MGM announced Friday it will partner with established arena builder AEG, breaking ground late this year for a new 20,000-seat arena to the west of the Strip.
And best of all, MGM Resorts Chairman Jim Murren said the project will be built with private money.
The sports and entertainment venue would be built behind the Monte Carlo and New York-New York. Construction should take 24 to 30 months after a ground-breaking late this year. The development is to include retail shops, dining and entertainment offerings.
AEG operates more than 100 sports arenas worldwide, including the Staples Center in Los Angeles.
MGM, which owns 10 Strip hotel-casinos, thus moves to the head of the pack of contenders aiming to build an arena in the Las Vegas market.
The agreement between the city of Las Vegas and The Cornish Group to build an arena in Symphony Park, downtown, appears to be stalled.
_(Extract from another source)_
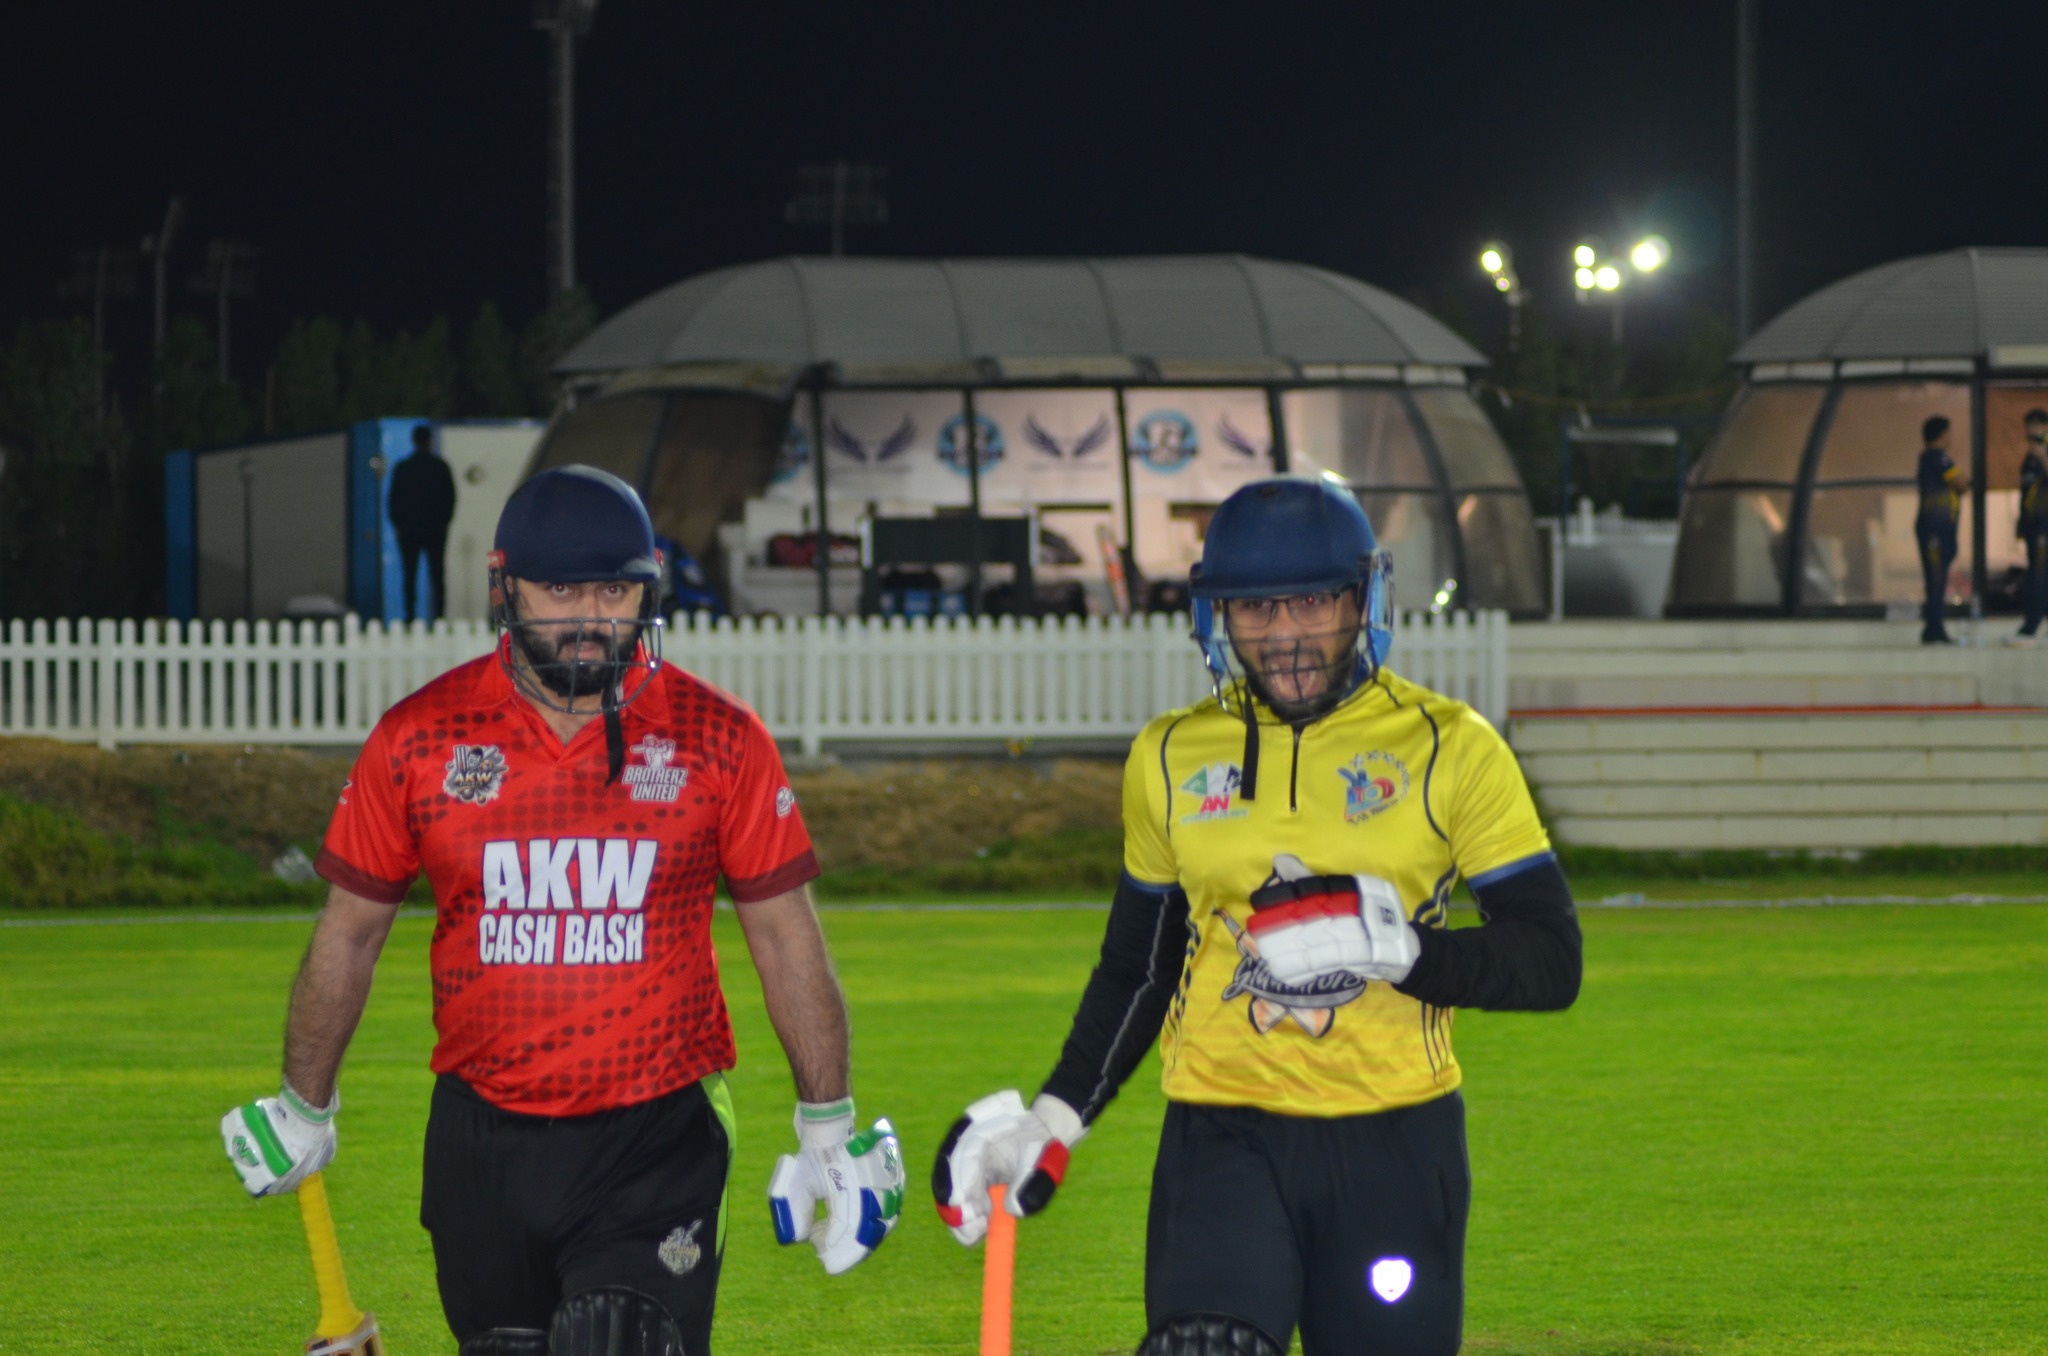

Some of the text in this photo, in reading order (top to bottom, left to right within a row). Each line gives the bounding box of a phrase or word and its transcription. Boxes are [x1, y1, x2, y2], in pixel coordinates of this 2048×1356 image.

An arena planned by Caesars Entertainment Corp. on the east side of the Strip — in which AEG could also have been involved — died when a judge ruled against a public vote on a local sales tax to help fund it.
And Don Snyder, the former bank and casino executive charged with coordinating UNLV’s effort to build a new 60,000-seat domed stadium on campus, is trying to reduce that project’s price after the local resort-casino community expressed concerns over the cost of the UNLV plan, and particularly about a late-in-the game proposal to add a hotel room tax to help finance that project.
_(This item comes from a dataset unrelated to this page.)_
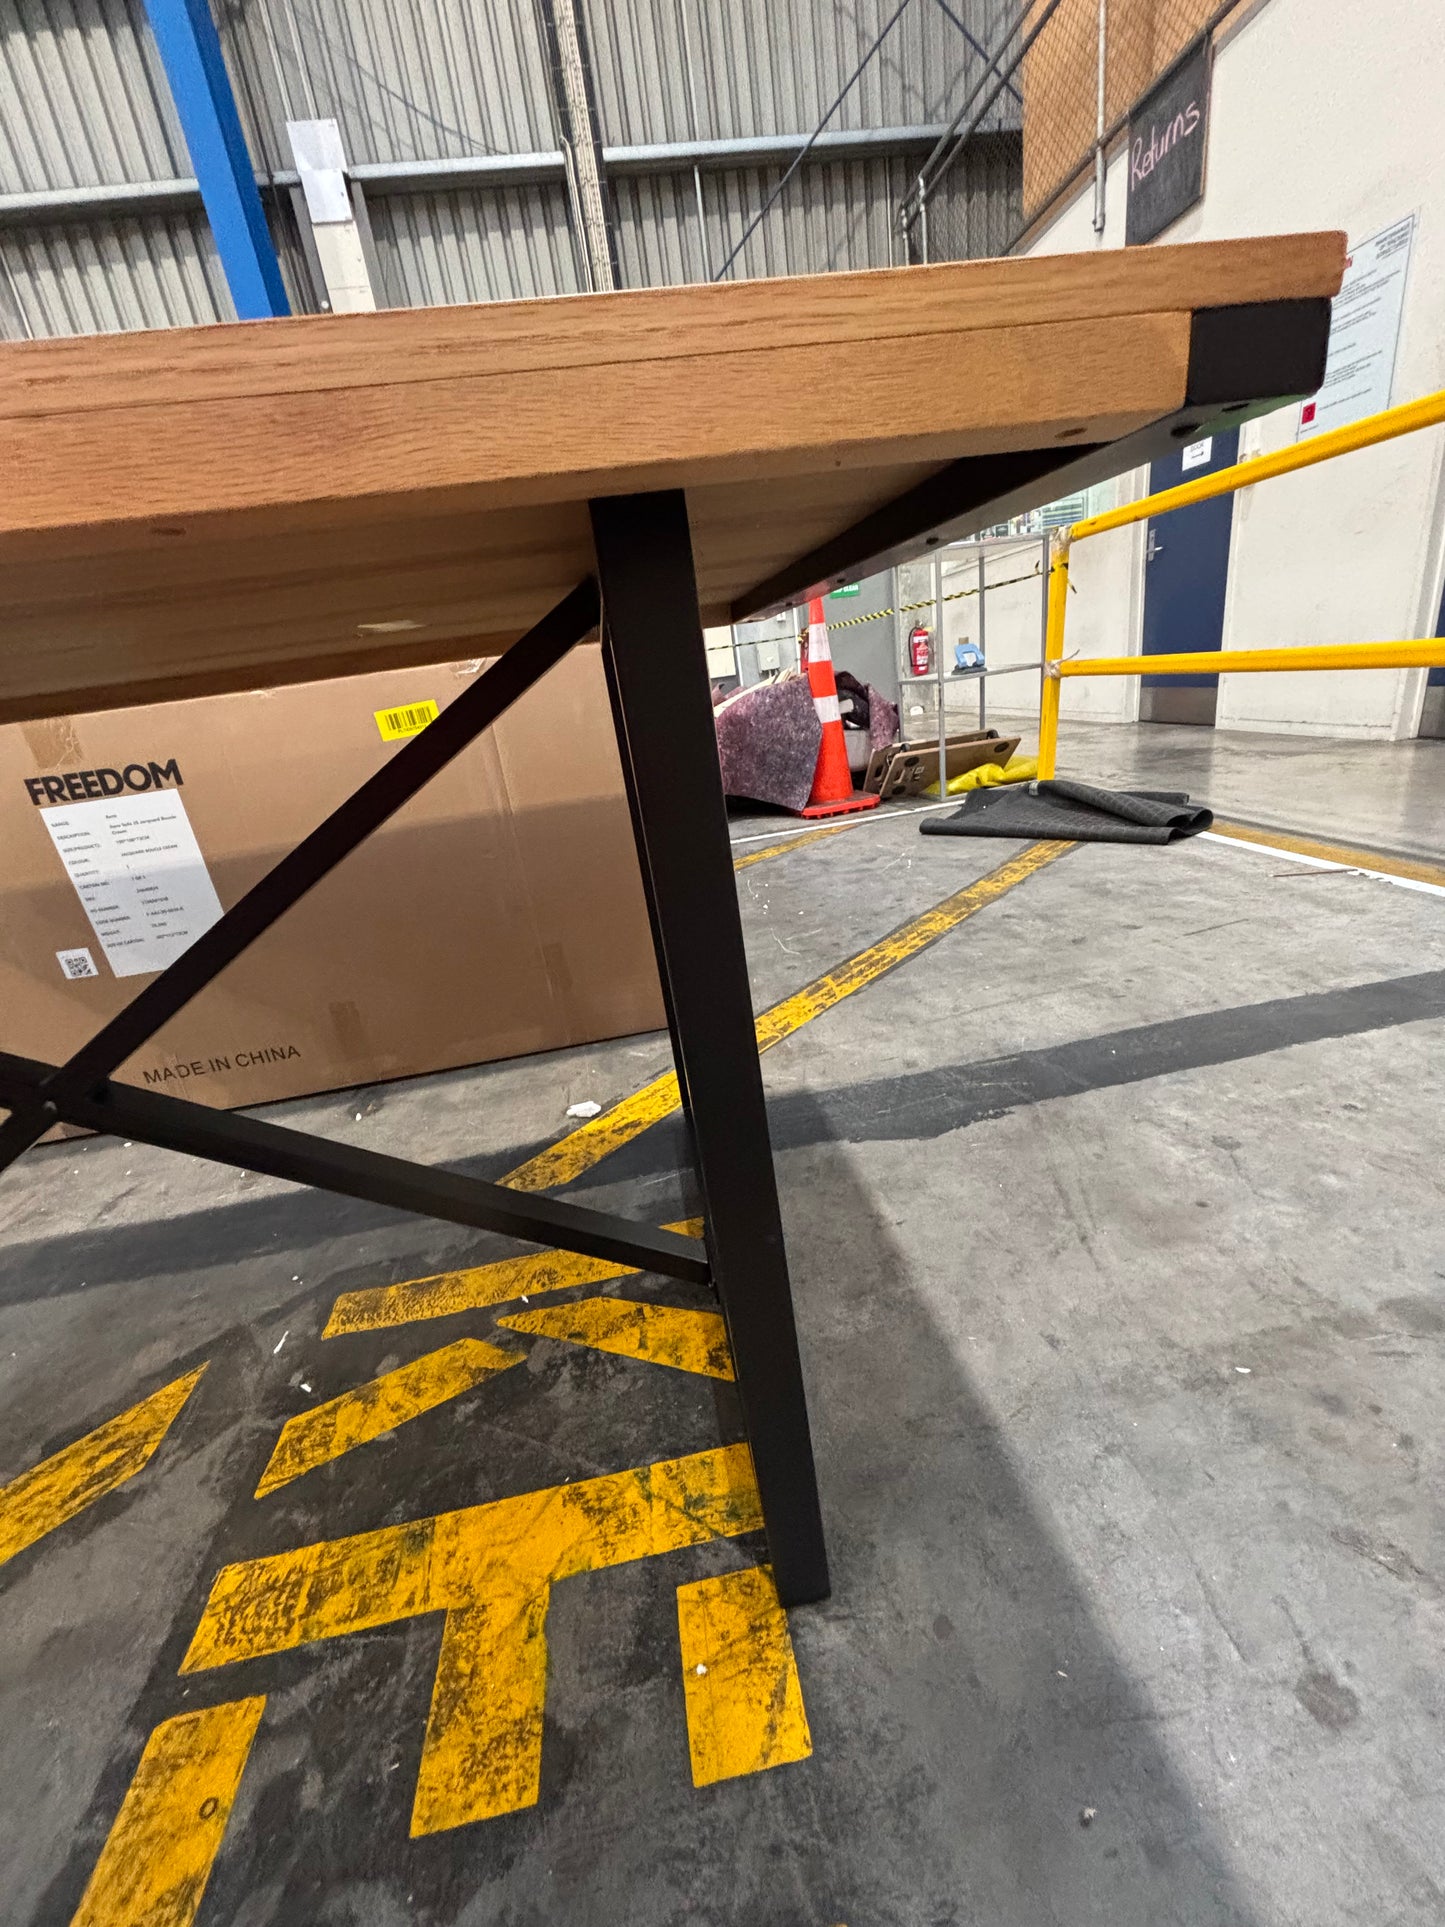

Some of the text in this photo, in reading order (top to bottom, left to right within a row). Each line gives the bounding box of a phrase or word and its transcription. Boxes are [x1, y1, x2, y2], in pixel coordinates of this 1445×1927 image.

Clark County Commission Chairman Steve Sisolak welcomed MGM’s proposed arena. “It’s a fabulous idea. It will create a lot of jobs,” Sisolak said. “It’s being built with private money, which is the best way to build an arena. They’re not asking for a taxpayer subsidy nor should they.”
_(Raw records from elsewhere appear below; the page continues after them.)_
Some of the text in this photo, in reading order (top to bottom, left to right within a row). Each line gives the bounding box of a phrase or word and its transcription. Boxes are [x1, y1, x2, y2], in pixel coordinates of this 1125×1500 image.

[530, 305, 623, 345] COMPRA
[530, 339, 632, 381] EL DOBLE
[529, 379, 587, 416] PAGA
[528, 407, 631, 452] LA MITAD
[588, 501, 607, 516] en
Mr. Sisolak is right. The best test of a project’s viability is whether private investors believe it can show a profit. Tax subsidies for projects that can’t meet that test are usually a mistake — nor is the public well served by efforts to pick and choose winners and losers based on political “juice.”
Both the MGM arena and the UNLV domed stadium project would add enormously to the city’s flexibility in presenting a wide range of entertainment options, and it’s to be hoped both advance and succeed. Planners have long been aware of a “supermarket effect.” That is, concerns that two supermarkets opening at the same intersection will divide the existing business in half often turn out to be wrong — each store can actually see an increase as trade as the location becomes known as a shopping “destination.”
That’s been true of Las Vegas as a whole. Hopefully it can prove true for both the MGM and UNLV arena projects, as well.